The UA's decision to offer the morning after pill to students may violate the state's prohibition on using public funds for abortions.

According to A.R.S. 35-196.02, "no public funds nor federal funds passing through the State Treasury or the treasury of any political subdivision of this state may be expended for payment to any person or entity for the performance of any abortion unless an abortion is necessary to save the life of the woman having the abortion."

The Women's Health Clinic offers the morning after pill to students for $10, regardless of whether the student has health insurance or not. A representative of the clinic reassured me that this price was well below the market cost for this pill, because the university subsidizes the cost.

Pro-choicers argue that the morning after pill is a form of contraception, not abortion. However, regardless of whether you examine the logic or the definitions, the morning after pill clearly falls into the abortificant category.

The morning after pill consists of hormones that stop pregnancy depending on the stage of a woman's menstrual cycle. It may either prevent the ovary from releasing eggs, keep sperm from penetrating the cervix, keep a fertilized egg from entering the uterus or keep a fertilized egg from implanting itself in the uterine lining.

There is practically unanimous consent in society that an egg or a sperm is not a human life. Preventing them from joining is contraception.

Once the sperm and egg have joined, they form a fetus with a unique DNA code that will remain unchanged throughout the life of the fetus, and throughout later life after birth. When the morning after pill prevents a fertilized egg from entering the uterus and implanting itself in the uterine lining, an early abortion occurs.

Pro-choicers define pregnancy as beginning when the fertilized egg attaches itself it to the uterine wall. However, the definition of abortion does not say, "when the fertilized egg attaches itself to the uterine wall."

Webster's Revised Unabridged Dictionary defines abortion as, "The act of giving premature birth; particularly, the expulsion of the human fetus prematurely, or before it is capable of sustaining life; miscarriage."

Similarly, the legal definition of abortion, provided by Black's Law Dictionary, defines abortion as, "The spontaneous or artificially induced expulsion of an embryo or fetus. As used in legal context, this usually refers to induced abortions."

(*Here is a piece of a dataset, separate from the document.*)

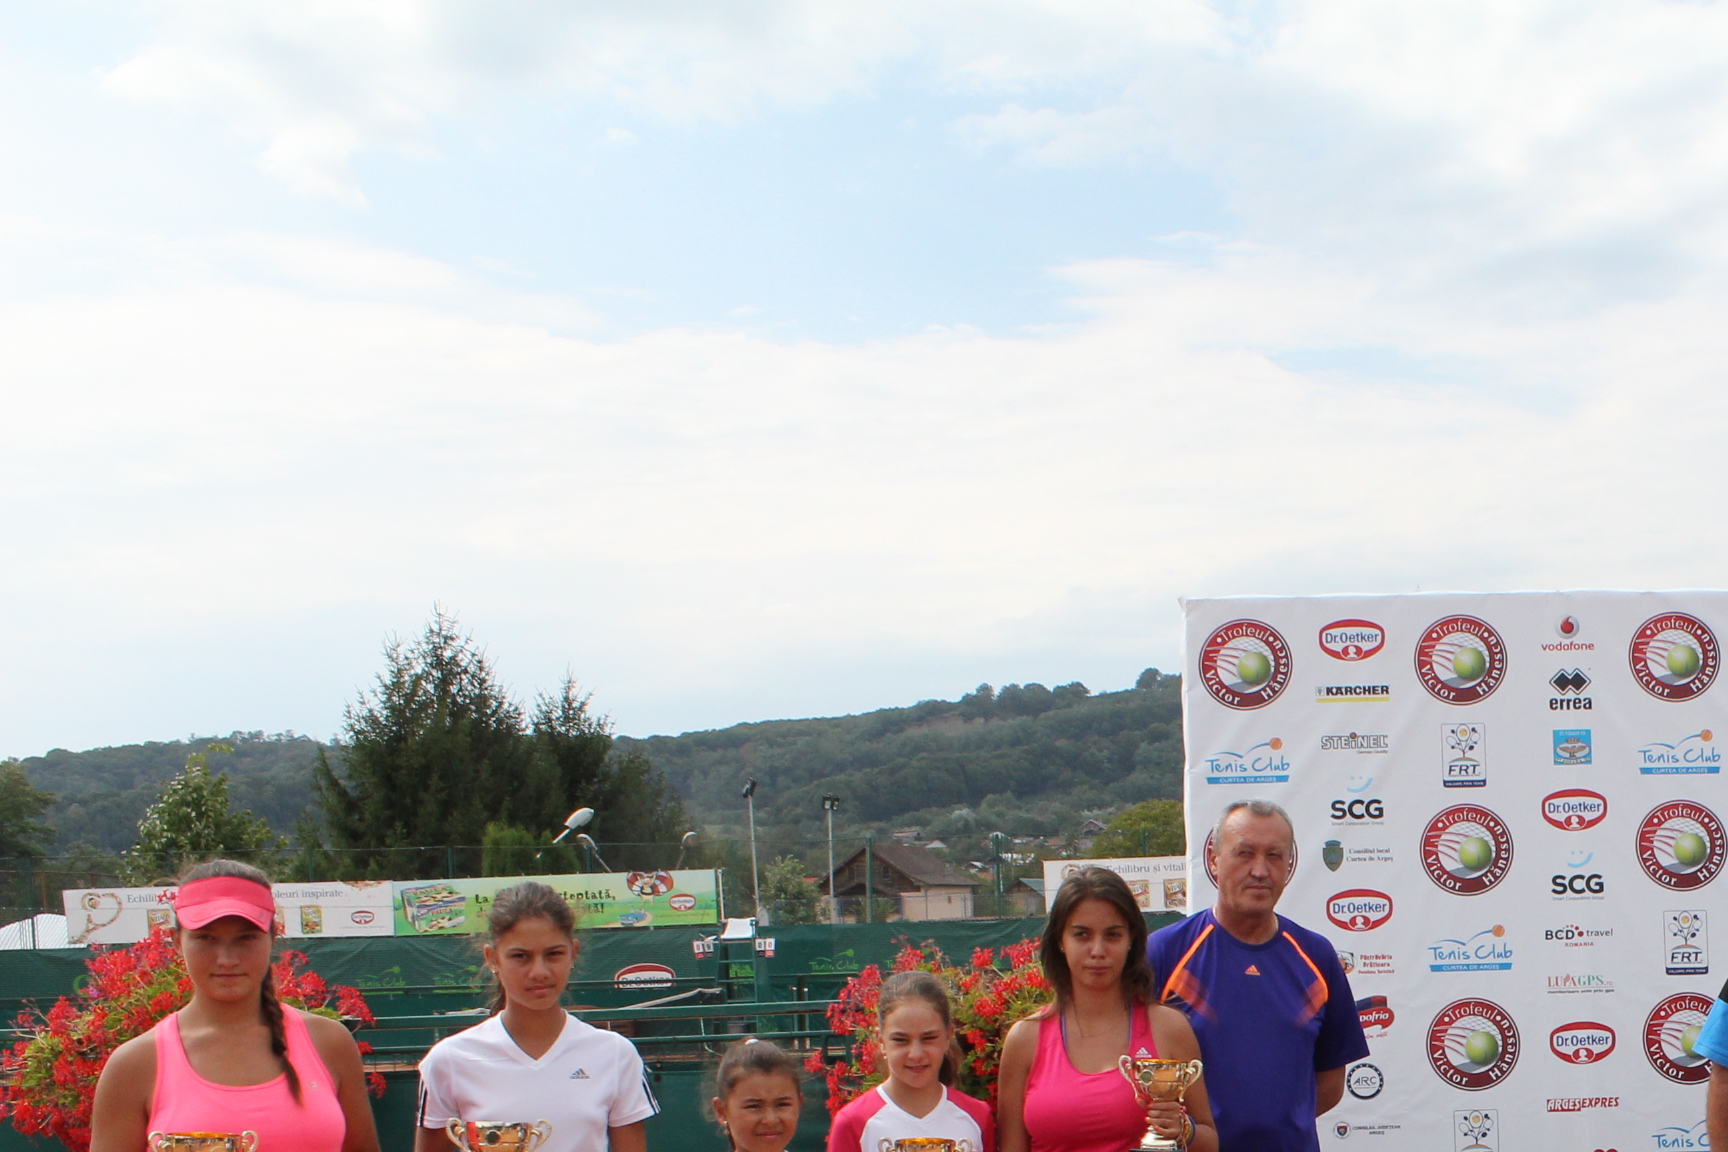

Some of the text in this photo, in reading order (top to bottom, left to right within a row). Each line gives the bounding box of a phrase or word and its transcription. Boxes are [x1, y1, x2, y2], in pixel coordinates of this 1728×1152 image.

Again, nowhere does this definition state that the fetus must have attached to the uterine wall first in order for an abortion to take place.

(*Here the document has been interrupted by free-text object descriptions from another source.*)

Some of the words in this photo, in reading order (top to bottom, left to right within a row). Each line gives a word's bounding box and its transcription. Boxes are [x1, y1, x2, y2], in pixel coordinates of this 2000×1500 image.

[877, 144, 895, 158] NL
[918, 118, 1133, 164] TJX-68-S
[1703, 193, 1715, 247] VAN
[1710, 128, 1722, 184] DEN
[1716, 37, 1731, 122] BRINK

The Arizona statutes also define abortion as occurring after fertilization, not after implantation: "1. 'Abortion' means the use of any means to terminate the pregnancy of a female known to be pregnant with knowledge that the termination with those means will, with reasonable likelihood, cause the death of the fetus. 2. Fetus means any individual human organism from FERTILIZATION until birth," according to A.R.S. 36-2152 (H).

The U.S. Supreme Court has given support to this interpretation. In Webster v. Reproductive Health Services, 492 U.S. 490 (1989), (overruled on unrelated grounds), the court upheld the constitutionality of a Missouri statute prohibiting public funding of abortions.

The dissent complained that this decision prevented public funds for the morning after pill also; evidently the choice interpreted abortion to include the morning after pill.

The Women's Health Clinic may also be violating A.R.S. 15-1630, which prohibits abortions from being performed at educational facilities. "No abortion shall be performed at any [educational] facility under the jurisdiction of the Arizona Board of Regents unless such abortion is necessary to save the life of the woman having the abortion." [Picture]

It is unfortunate that a higher institution of learning is encouraging one night stands through the subsidization of an easy way to love 'em and leave 'em (the fetus too), all conveniently within 24 hours.

I will never understand how feminists, who claim to be so tough on men, can support an abortion pill that allows men zero responsibility for sleazy one night stands.

This pill just makes it that much easier for guys to sleaze a woman one night and forget about her by the next morning, when she goes in for her morning after pill. Or the woman can do the same thing to the guy. Why would anyone want to fund and promote this type of behavior?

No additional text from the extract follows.